**TASK BRIEF**. What follows is a set of records; restate each one word for word and drop the pictures.

**RECORDS FOR THE EXERCISE**.
○ ○ ○ ○

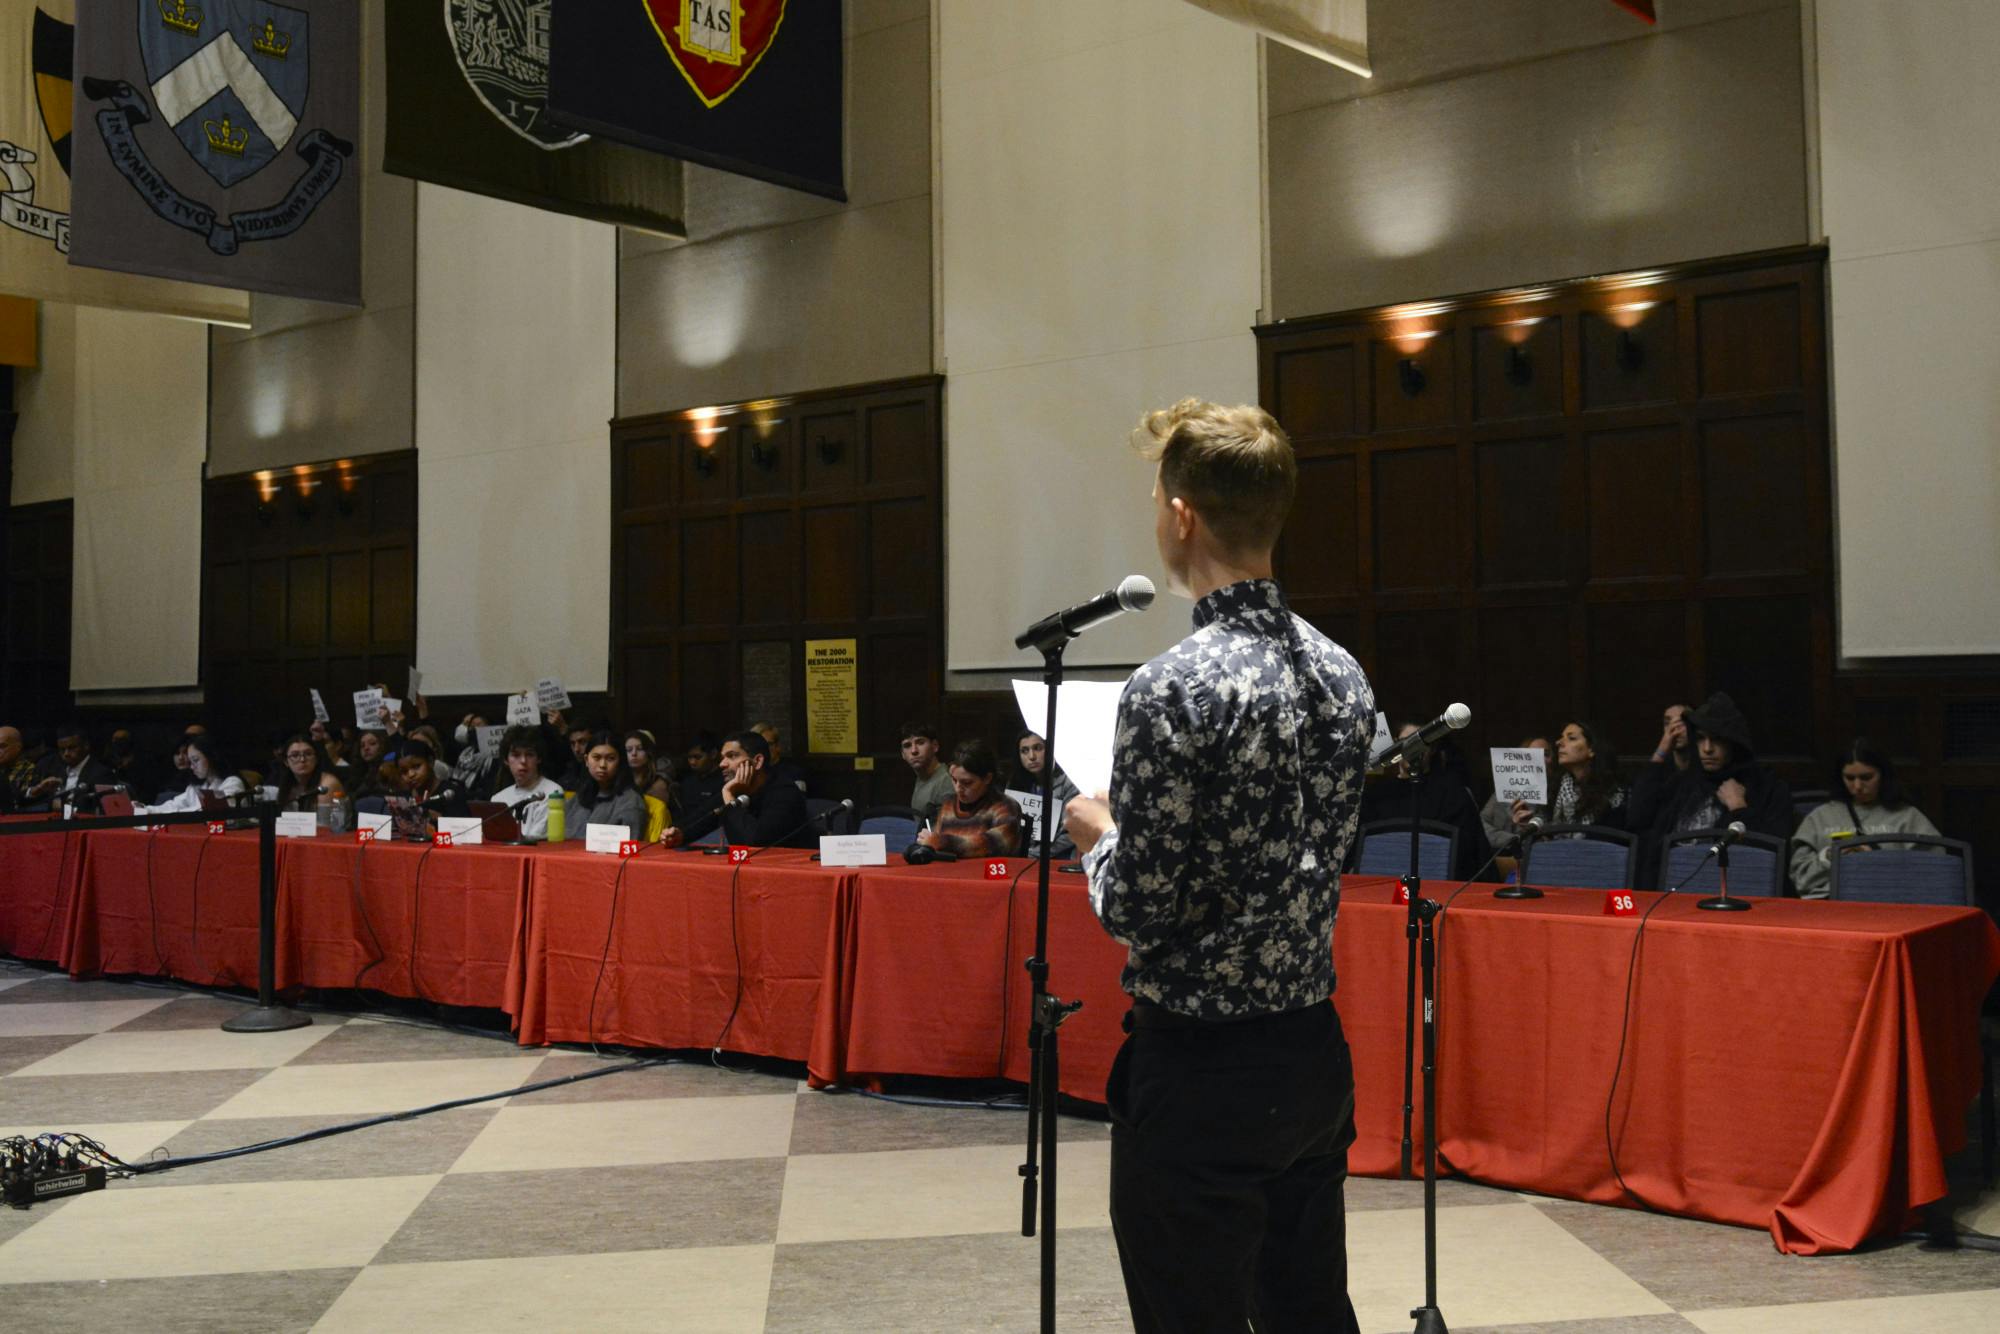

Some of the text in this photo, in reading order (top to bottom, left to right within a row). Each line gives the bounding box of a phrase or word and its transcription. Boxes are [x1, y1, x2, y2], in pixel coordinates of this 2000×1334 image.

[691, 1, 730, 33] TAS
[506, 99, 541, 132] 17
[16, 207, 49, 231] DEI
[815, 648, 847, 656] THE 2000
[808, 657, 854, 665] RESTORATION
[1495, 765, 1534, 773] COMPLICIT
[1503, 790, 1541, 800] GENOCIDE
[1022, 797, 1042, 808] LET
[623, 844, 637, 855] 31
[732, 850, 748, 861] 32
[989, 863, 1006, 876] 33
[1402, 886, 1410, 900] 3
[1614, 896, 1633, 910] 36
[38, 1178, 84, 1191] whirlwind

○ ○ ○ ○

**ANSWER TO THE PROBLEM**.
Some of the text in this photo, in reading order (top to bottom, left to right within a row). Each line gives the bounding box of a phrase or word and its transcription. Boxes are [x1, y1, x2, y2], in pixel coordinates of this 2000×1334 image.

[691, 1, 730, 33] TAS
[506, 99, 541, 132] 17
[16, 207, 49, 231] DEI
[815, 648, 847, 656] THE 2000
[808, 657, 854, 665] RESTORATION
[1495, 765, 1534, 773] COMPLICIT
[1503, 790, 1541, 800] GENOCIDE
[1022, 797, 1042, 808] LET
[623, 844, 637, 855] 31
[732, 850, 748, 861] 32
[989, 863, 1006, 876] 33
[1402, 886, 1410, 900] 3
[1614, 896, 1633, 910] 36
[38, 1178, 84, 1191] whirlwind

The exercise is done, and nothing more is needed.